Its next term of office sees less projects of obvious benefit to the community as a whole, and more that have dubious value. Slowly the administration, like the pigs in Animal Farm, comes to resemble what it replaced. By the third and fourth term the comune will have become the personal fiefdom of the mayor and his trusted associates. By this time the mayor, if he is of at least average ability, will have a firm political base for his next move: a seat on the provincial council. Dealings at this level grow enormously in complexity; for provincial elections a mayor will need not only the votes from his own comune, but also votes from many other comuni where he may not be known. The only way to achieve this is through the party machinery. In neighbouring towns the local party will give instructions to its troops as to who should get their second-preference votes. As elections to the provincial council are also based on proportional representation, the transfer of second-preference votes is crucial. An ambitious man can work his way from provincial, to regional, to national government. Each step needs carefully constructed alliances, an astute estimation of who is important and therefore to be cultivated, and an ability to feel no remorse for those who can no longer be of help. By this means Italy fills its upper houses of the legislature with the quality of people it deserves.

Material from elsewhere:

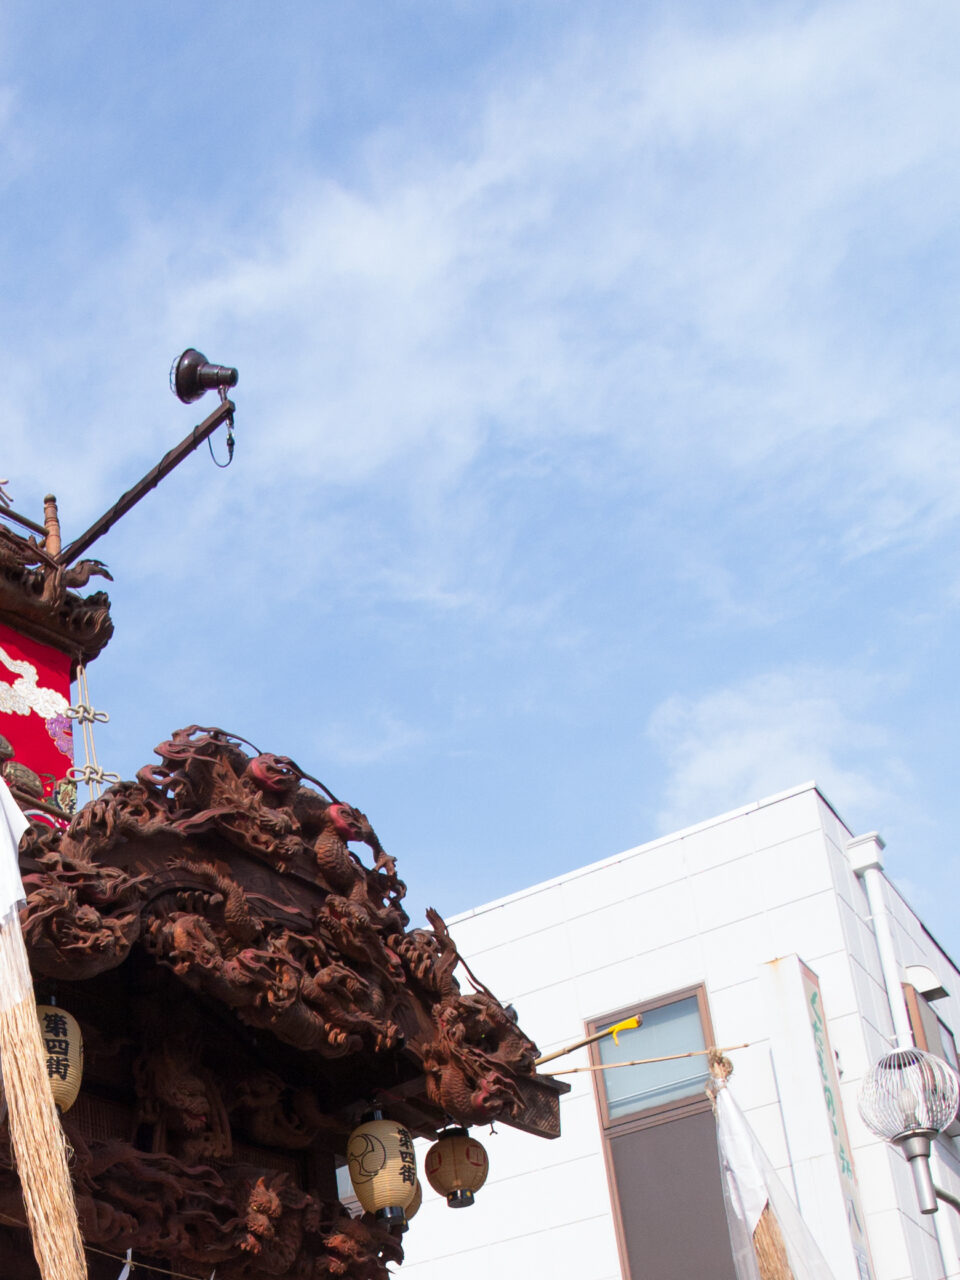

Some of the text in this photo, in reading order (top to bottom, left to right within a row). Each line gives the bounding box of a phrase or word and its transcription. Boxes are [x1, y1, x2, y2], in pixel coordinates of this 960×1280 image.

[43, 1012, 70, 1080] 第四街
[396, 1127, 416, 1186] 第四街

And what of the honest man? As a political species he is endangered bu
t not quite extinct. The problem facing him is that the political arena is an inhospitable habitat. If an honest man accepts no bribes, how can he hope to influence those who do? Where will he get the money? Certainly at local level, where the relationship between the voters and the elected is incestuously close, his problems are huge. Suppose this honest councillor objects at a council meeting to a planning proposal that he feels is wrong; the proposal will be blocked. After the meeting the mayor will be asked by the applicant what transpired. ‘It would have been passed,’ says the mayor, ‘but Tizio blocked the proposal.’ So Tizio loses votes at the next election. If he blocks any more proposals, he will lose still more votes. If he never gets elected again, none of his ideals or his honest approach will influence council meetings. The strategy of an honest man must be of infinite subtlety if he is ever to have an effect on Italian political life.
That such men undoubtedly exist despite the system is a testament to man’s indomitable hope. The brave men who knowingly risk their lives by becoming judges or prosecutors in Sicily’s anti-Mafia campaign may be few in number, but at least they prove that the whole of the body politic is not yet infected. It is possible that Giuseppe Falcone’s murder by the Mafia might ignite in the Italian people an urge to reform the system and perhaps look more closely at the kind of individuals who present themselves for election.